Sobriety reminds us that we can change our stories. But first, we must believe ourselves worthy of redemption. Here are a few practices to help you make amends to yourself.

Reconnect with the Wisdom of the Body

That first year of sobriety was all about re-establishing a connection to who I was underneath all the societal and cultural influences I didn’t even realize I had been drowning under. Who was I, really? What did I actually want out of my life? What did I even like!? What did I want to call in, and what could I no longer tolerate? Alcohol and other substances kept me for years cut off from my instincts, completely out of touch with my intuition. 

That first year of sobriety was all about re-establishing a connection to who I was underneath all the societal and cultural influences I didn’t even realize I had been drowning under. 

One of the first steps I took was to learn to listen to my body, rather than trying so hard to manipulate and control it. Yes, part of this was nutrition and exercise. But more than that, it was about slowing down just enough to listen to the messages my gut was sending me, to reawaken that relationship after it had been dormant for so long. 

Developing a relationship with anything—a person, a new hobby, a life without alcohol— means paying that thing exquisite attention. The more attention I gave to the messages my body was sending me, the easier it became to make choices that aligned with my goals and to say no to the types of situations I would later question or regret. 

Invest in Changing Your Relationship to Your Brain

After the lightbulb moment with my journal, there was no turning off the switch— I could no longer ignore that my inner dialogue was basically a never-ending diatribe reminding me of what a piece of shit I was, and how embarrassed I should be of myself at any given moment. I had suddenly become aware of something so habitual I couldn’t even see it, until I could, and wow, it totally broke my heart. No wonder I was miserable all the time!

Changing these conversations for me looked like getting support with a therapist who gave me strategies to examine these thought patterns. Additionally, I finally humbled down and started a daily meditation practice, something I knew I was supposed to be doing but that up to then mostly had me rolling my eyes. Right, I’d think to myself when people talked about how the practice changed their lives. Good for you, meditator. You don’t know what it’s like to be inside this brain. This time was different. I was finally ready to listen to people who were clearly onto something I so wanted for myself. By learning to sit (and yes, squirm) with myself I began to become a witness to my thoughts, which created just enough space to begin to question, and eventually shift those old stories. 

Tell Your Story

I isolated myself inside the things I did while I was drinking — words I couldn’t take back, behaviors that scandalized me in the light of day — certain I would hold these secrets inside for the rest of my days. I used them as evidence for the unhelpful narrative that there was something horribly wrong with me. 

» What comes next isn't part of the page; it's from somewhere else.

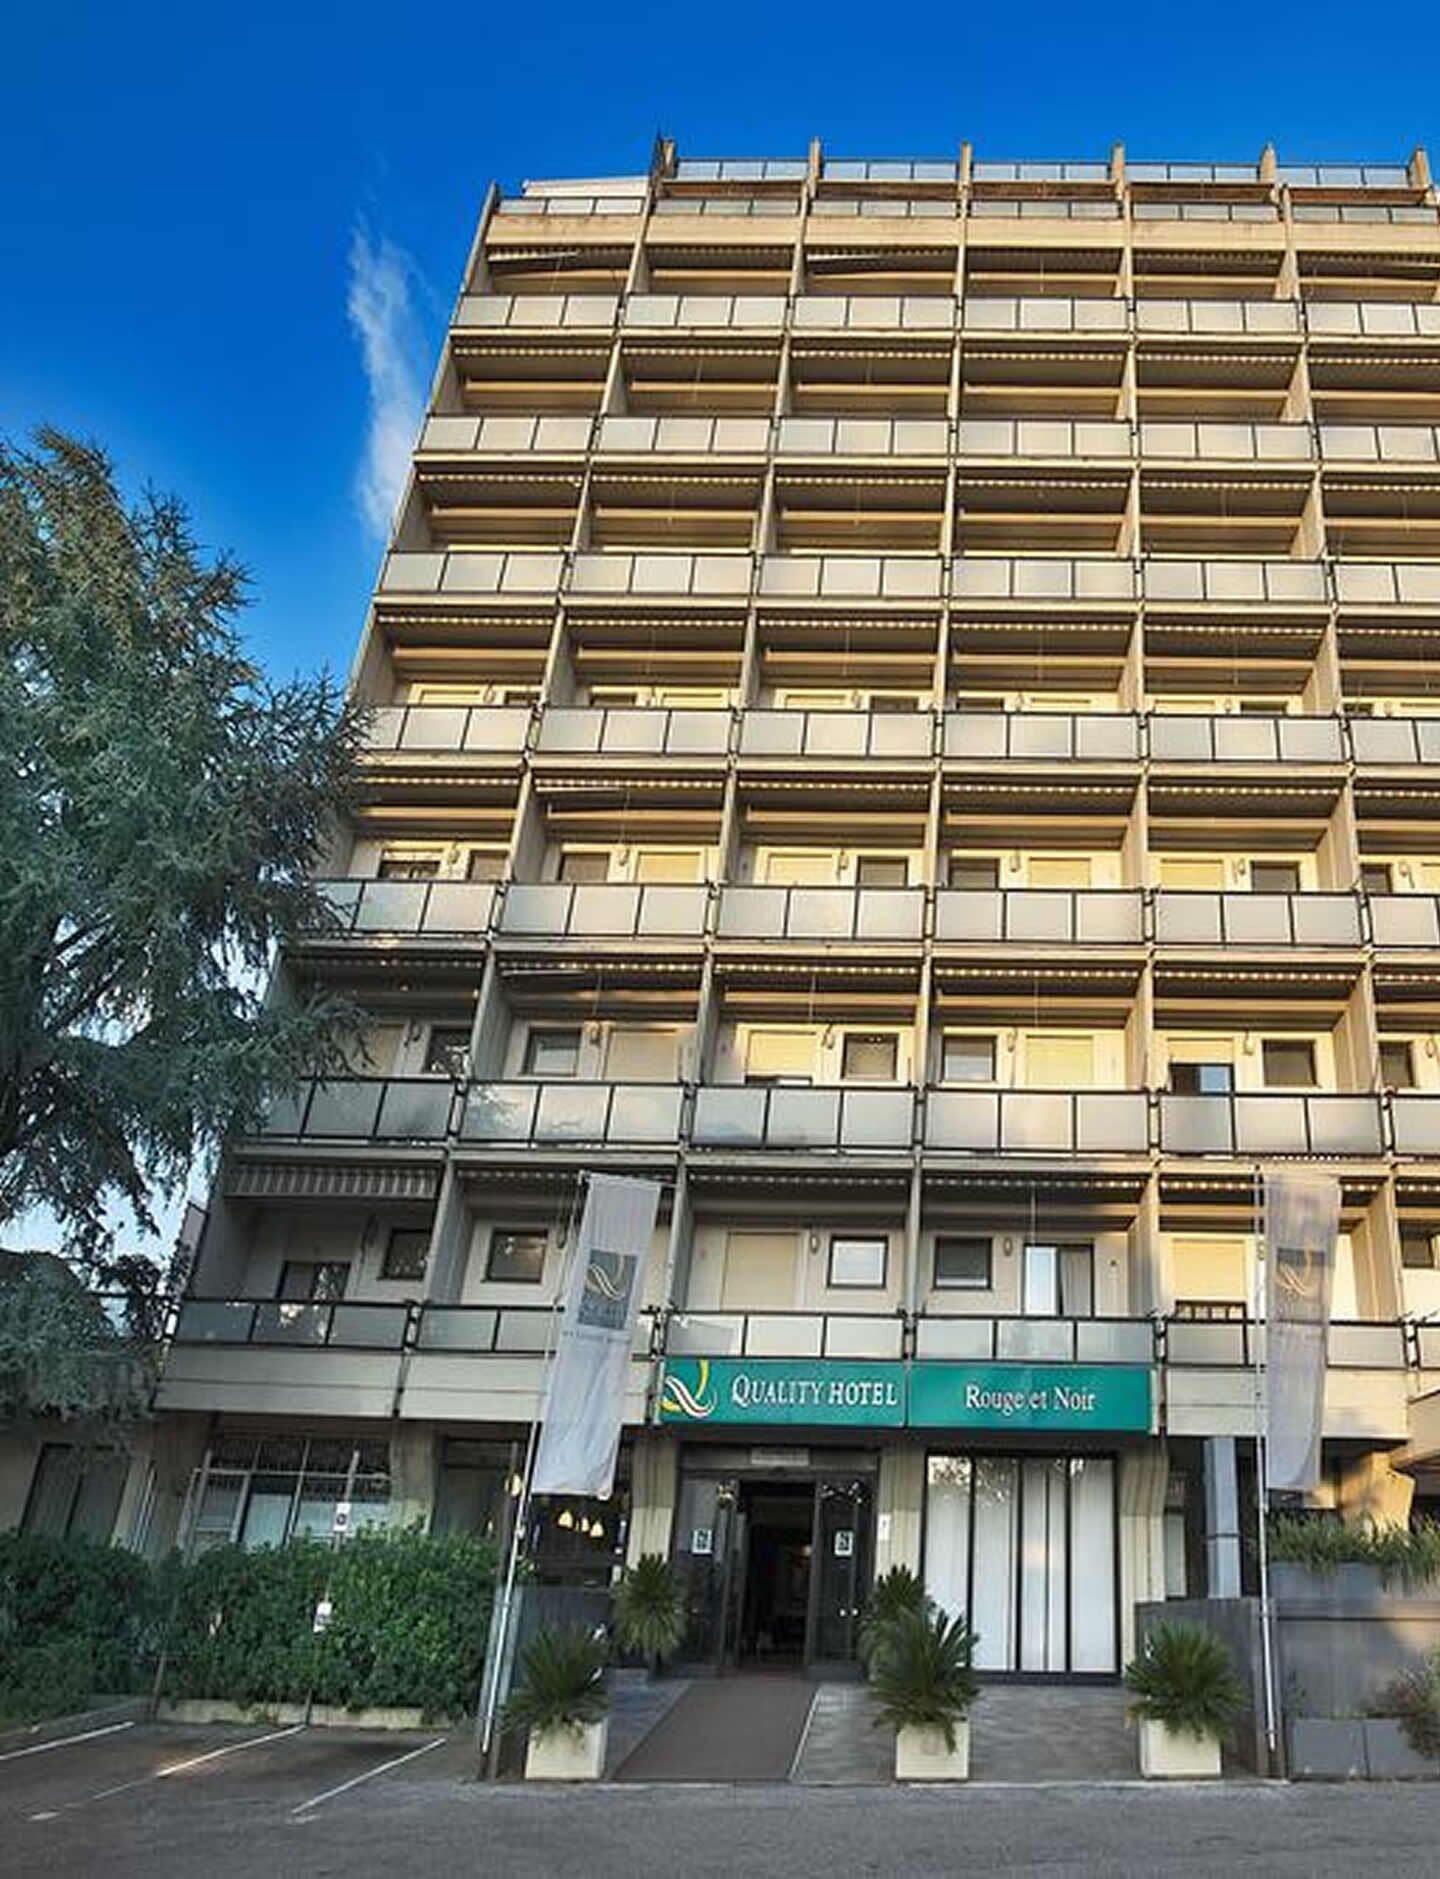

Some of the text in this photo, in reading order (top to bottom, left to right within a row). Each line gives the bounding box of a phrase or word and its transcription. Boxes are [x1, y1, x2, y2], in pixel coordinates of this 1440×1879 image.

[731, 1373, 898, 1408] QUALITY HOTEL
[966, 1384, 1096, 1417] Rouge et Noir
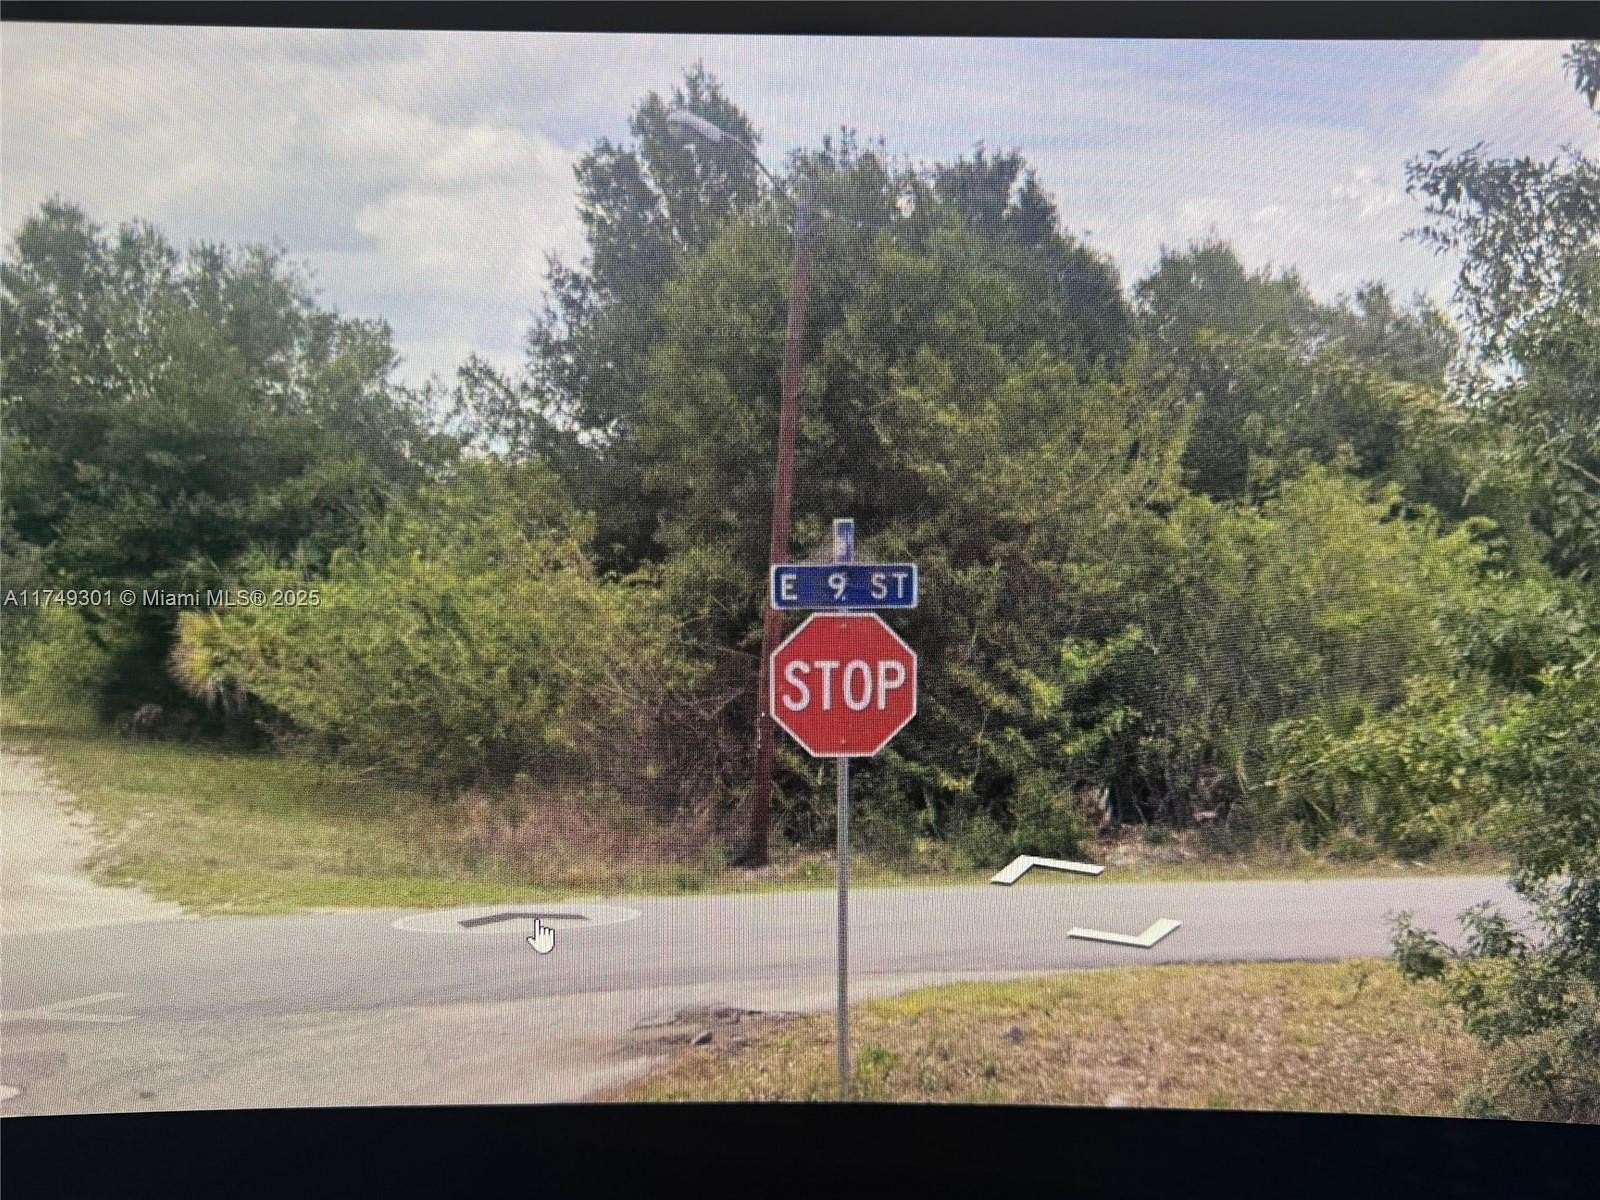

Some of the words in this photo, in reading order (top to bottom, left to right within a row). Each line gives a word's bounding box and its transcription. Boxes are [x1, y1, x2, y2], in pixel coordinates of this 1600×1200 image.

Only when I opened up, shared the truth of my humanity, and allowed myself to be seen was I able to integrate both the light and dark aspects of myself. 

Once I got sober, I was strangely compelled to air all my dark moments out into the light of day, at which point a surprising thing happened: I didn’t die. Nobody ran away. If anything, I made the best friends of my life, people who reflected back to me my goodness, who shared their own stories and made me feel less alone. Better yet, for the first time ever I felt a sense of belonging. Only when I opened up, shared the truth of my humanity, and allowed myself to be seen was I able to integrate both the light and dark aspects of myself. 

You don’t have to go public with your story (though you might!). But I promise: there is magic in finding in telling the truth to someone with whom you feel safe. 

Investing in self-forgiveness is a lifelong practice, a series of small shifts that seem insignificant when viewed on their own, but together add up to a quiet, yet profound transformation. This path takes courage. Let it be one more step on your sober journey that surprises you.